One-off visits to museums are more common. London’s Kensington Palace, part of Historic Royal Palaces, worked with Westminster’s Adult Education Department to put together a comprehensive series of downloads linked to the ESOL curriculum, after an assessor from the borough questioned the educational value of the previous materials.

Freelance tutors were paid to develop the materials themselves, and the palace’s learning producer Kim Klug checked facts, and wrote the introductory text and guidance notes.

ESOL tutors undertake training and sign an agreement that clarifies they are responsible for leading visits. “[Previously] there was a lot of confusion because people might turn up and say ‘Oh, I’m here with my group,’ and expect us to give them a tour of the palace,” says Klug.

If museums make worksheets and appropriate ESOL activity resources available online or at the information desk, then these can be used by ESOL tutors before, during and after visits, without any need to contact the museum.

Hourly-paid ESOL tutors who do not have the time to build up partnerships, or no space in their course for extracurricular lessons, can use these to see if a museum visit fits the curriculum or class plan. Workshops are also useful for less experienced teachers or ones who have never taught in the museum.

However, worksheet-based learning in a museum can detract from engagement with objects, mimic the textbook-based format of lessons too much, and lack flexibility.

Evidence about how much these resources are used by ESOL teachers independently of museums is also lacking.

Larger museums or those with a large number of ESOL learners in their local area might run sessions for ESOL learners. This type of session may be charged and groups book on as part of their course.

Alternatively, museums can host drop-in sessions for individual ESOL learners and groups. Manchester Art Gallery runs English Corner, a free English weekly conversation class that allows participants to practise their speaking and listening skills while exploring artworks and collections on display.

Best practice approaches

In a 2014 report prepared for London Transport Museum, consultant Louise White recommended that listening and speaking activities were prioritised inside the museum with reading and writing saved for the classroom.

She also recommended that activities were piloted to ensure that they worked for all participants in busy gallery spaces.

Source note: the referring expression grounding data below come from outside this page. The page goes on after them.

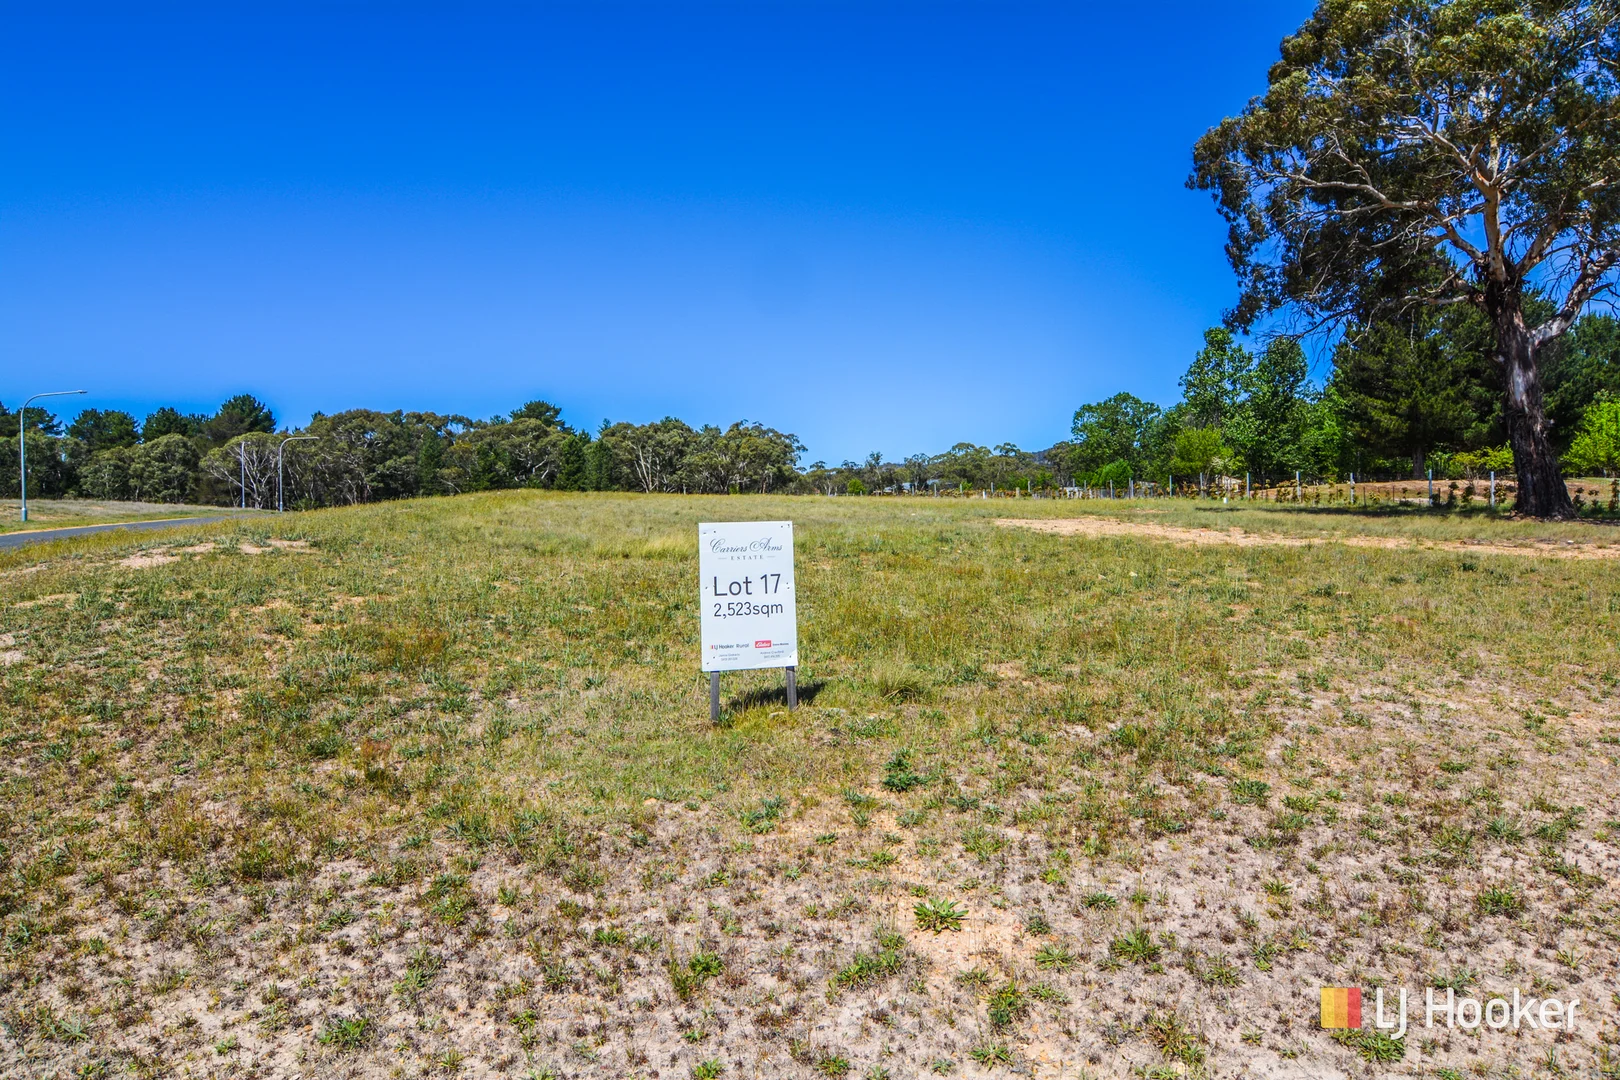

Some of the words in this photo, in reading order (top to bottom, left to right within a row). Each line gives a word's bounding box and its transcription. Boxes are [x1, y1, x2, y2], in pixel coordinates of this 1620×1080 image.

[709, 538, 748, 553] Carriers
[749, 537, 783, 552] Arms
[713, 576, 753, 597] Lot
[760, 573, 781, 595] 17
[713, 601, 783, 620] 2,523sqm

Although the language used in resources and activities needs to be appropriate for non-native English speakers, the museum can be a place where unfamiliar language is introduced and used.

ESOL consultant Poppy Szaybo says there is a “symbiosis” between the classroom and the museum – classes might teach how to put a sentence together, but museums encourage a “different, more sophisticated English”.

Museums may also need to mindful of cultural sensitivity. “Parsnip topics” – the acronym stands for politics, alcohol, religion, sex, narcotics, isms and pork – are usually omitted from English language textbooks, but museums don’t necessarily have to follow suit.

For a start their collections may not allow them to leave out these topics. But equally the point of museum visits is to engage with a range of British culture and history.

Lesbian, gay and bisexual issues were covered in an exhibition at the People’s History Museum in Manchester when Bev Davies, the head of school for ESOL, Foundation and Supported Learning at Northampton College, took a group of ESOL learners there.

She thought the resulting conversations very valuable, and believes that museum visits should not shy away from these issues.

Szaybo says that some ESOL learners she has worked with did not want to touch pictures of nudity. “It’s not our role to challenge what’s important to them,” she says.